Political and security risks are a particularly key consideration for aerospace companies around the world, expert tells Hong Kong event 

Speaking at the the Willis-IATA-AAPA Aviation Insurance conference in Hong Kong this week, the head of intelligence for crisis and risk management consultancy Alert:24, Tim Holt (pictured), said that the issue was highlighted recently not only by the downing of Malaysia Airlines flight MH17 but the loss of aircraft on the ground at Tripoli Airport, both in July 2014.

This has clearly demonstrated the urgent need to provide accurate and timely information to airlines regarding risks to civil aviation arising from conflict zones and to enhance existing mechanisms to share such information, he said. 
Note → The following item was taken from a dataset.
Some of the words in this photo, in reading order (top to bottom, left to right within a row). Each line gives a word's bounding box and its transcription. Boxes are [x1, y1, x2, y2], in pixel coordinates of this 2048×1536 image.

“Whilst the International Civil Aviation Organisation will rightly lead on a common approach to aviation intelligence, the airlines themselves must grasp the opportunity to acquire and analyse actionable intelligence on conflict zones and also for destinations which may be at risk of terrorism or political violence,” said Holt. 
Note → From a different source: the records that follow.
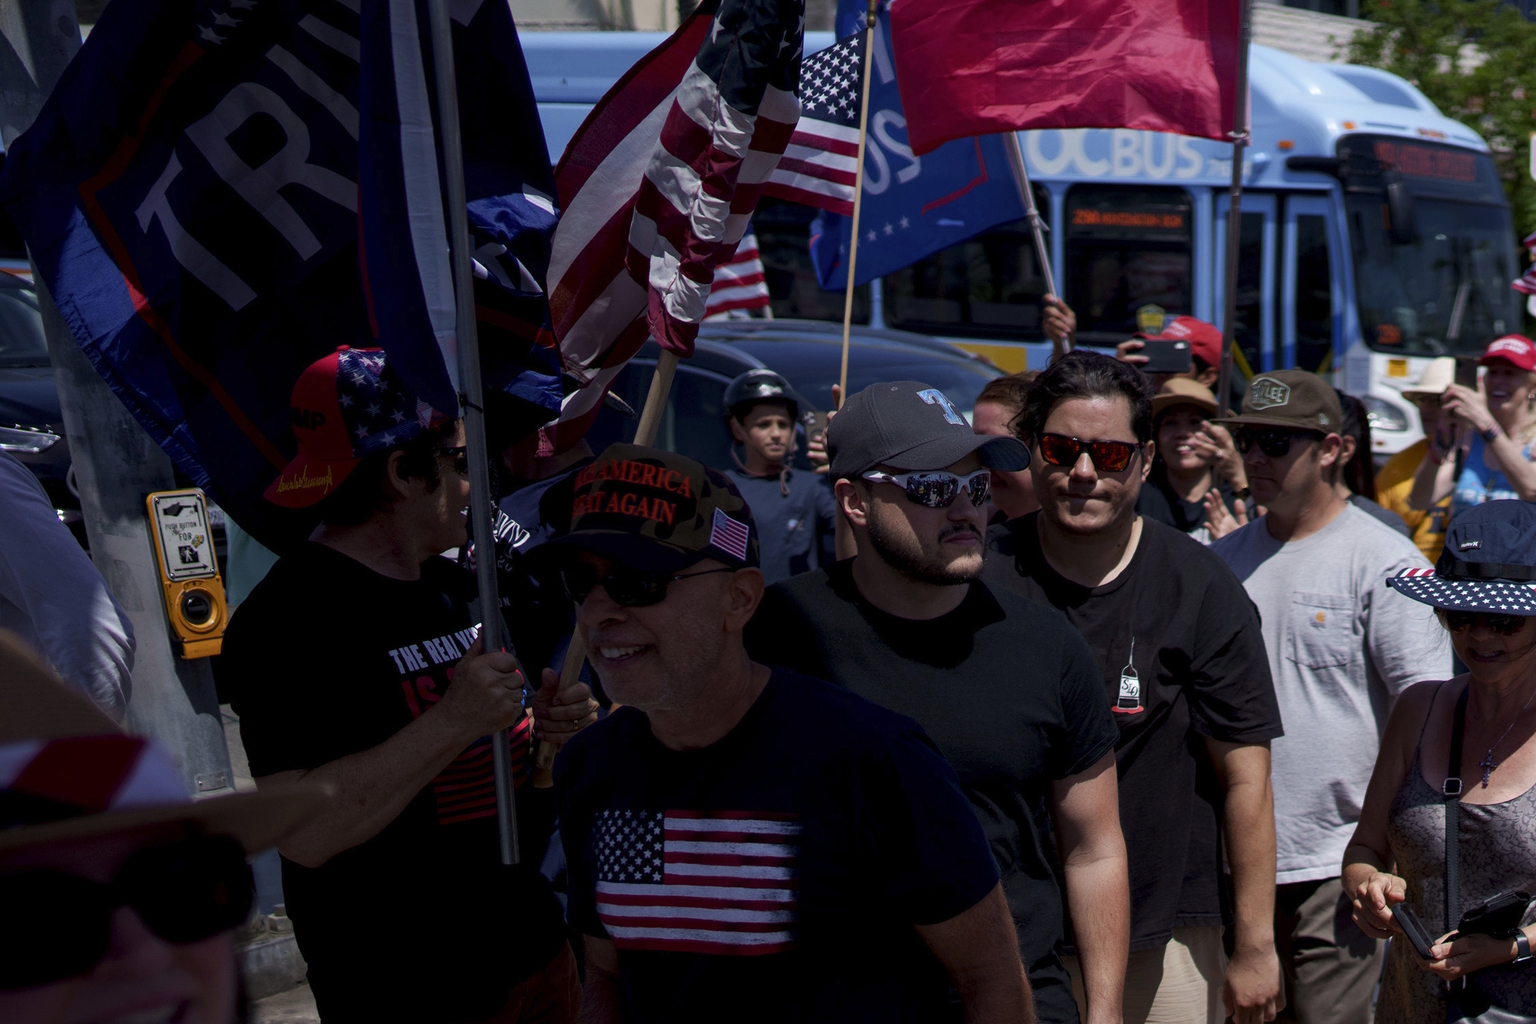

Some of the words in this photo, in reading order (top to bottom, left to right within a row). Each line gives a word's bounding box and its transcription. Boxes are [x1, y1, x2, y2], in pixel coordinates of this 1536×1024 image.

[597, 459, 693, 499] AMERICA
[180, 521, 197, 529] BUTTON
[603, 491, 678, 527] AGAIN
[179, 532, 192, 541] FOR
[388, 643, 429, 675] THE
[422, 634, 462, 665] REAL
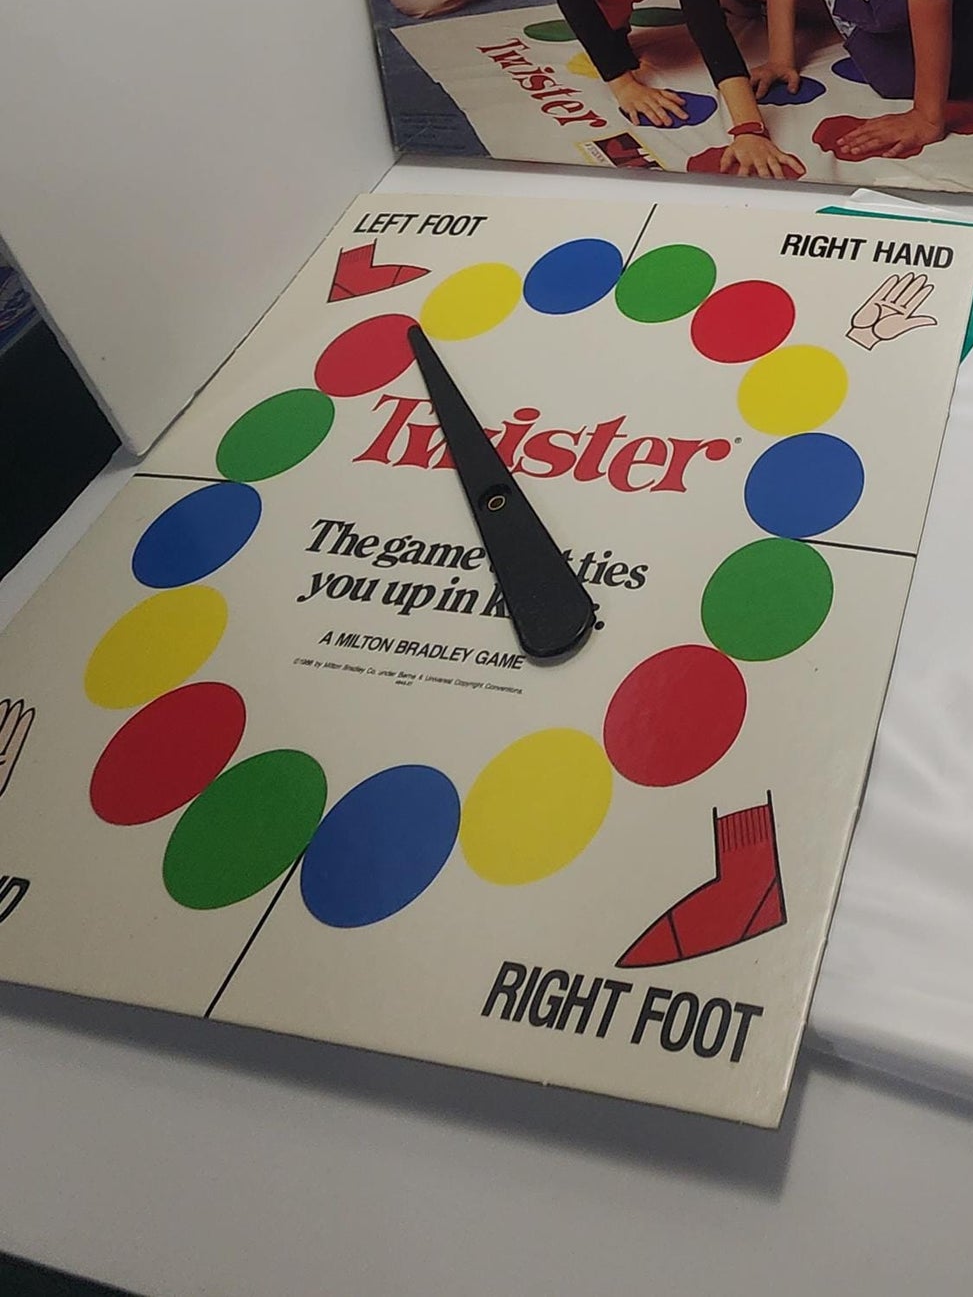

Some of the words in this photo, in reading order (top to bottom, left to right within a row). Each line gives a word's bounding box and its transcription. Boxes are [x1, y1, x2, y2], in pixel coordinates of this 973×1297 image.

[476, 37, 607, 130] Twister
[353, 213, 419, 234] LEFT
[416, 214, 488, 236] FOOT
[780, 233, 867, 260] RIGHT
[872, 240, 954, 269] HAND
[305, 517, 380, 560] The
[371, 534, 487, 570] game
[574, 550, 651, 590] ties
[296, 571, 380, 603] you
[381, 582, 436, 616] up
[436, 576, 480, 615] in
[318, 630, 333, 645] A
[334, 632, 395, 652] MILTON
[394, 640, 474, 663] BRADLEY
[474, 650, 526, 670] GAME
[480, 960, 634, 1039] RIGHT
[630, 986, 764, 1063] FOOT
“By understanding the strength of governance in fragile states, set against the will and capacity of a group to do harm, an airline will be better able to drive robust safety and security decisions.”

Holt said that in a low profit-margin environment, “the incentive to gain a common understanding of emerging and present threats from ground to air and on the ground can be elusive”.

“However, the benefits in terms of duty of care to passengers and resilience for shareholders are substantial,’ he said.

“In a globalised world with information at its fingertips, little tolerance can be expected for organisations that fail to assess the numerous threats to their assets and the people they carry.”

The Willis-IATA-AAPA Aviation Insurance conference is a collaboration between Willis, the International Air Transport Association (IATA) and the Association of Asia Pacific Airlines (AAPA).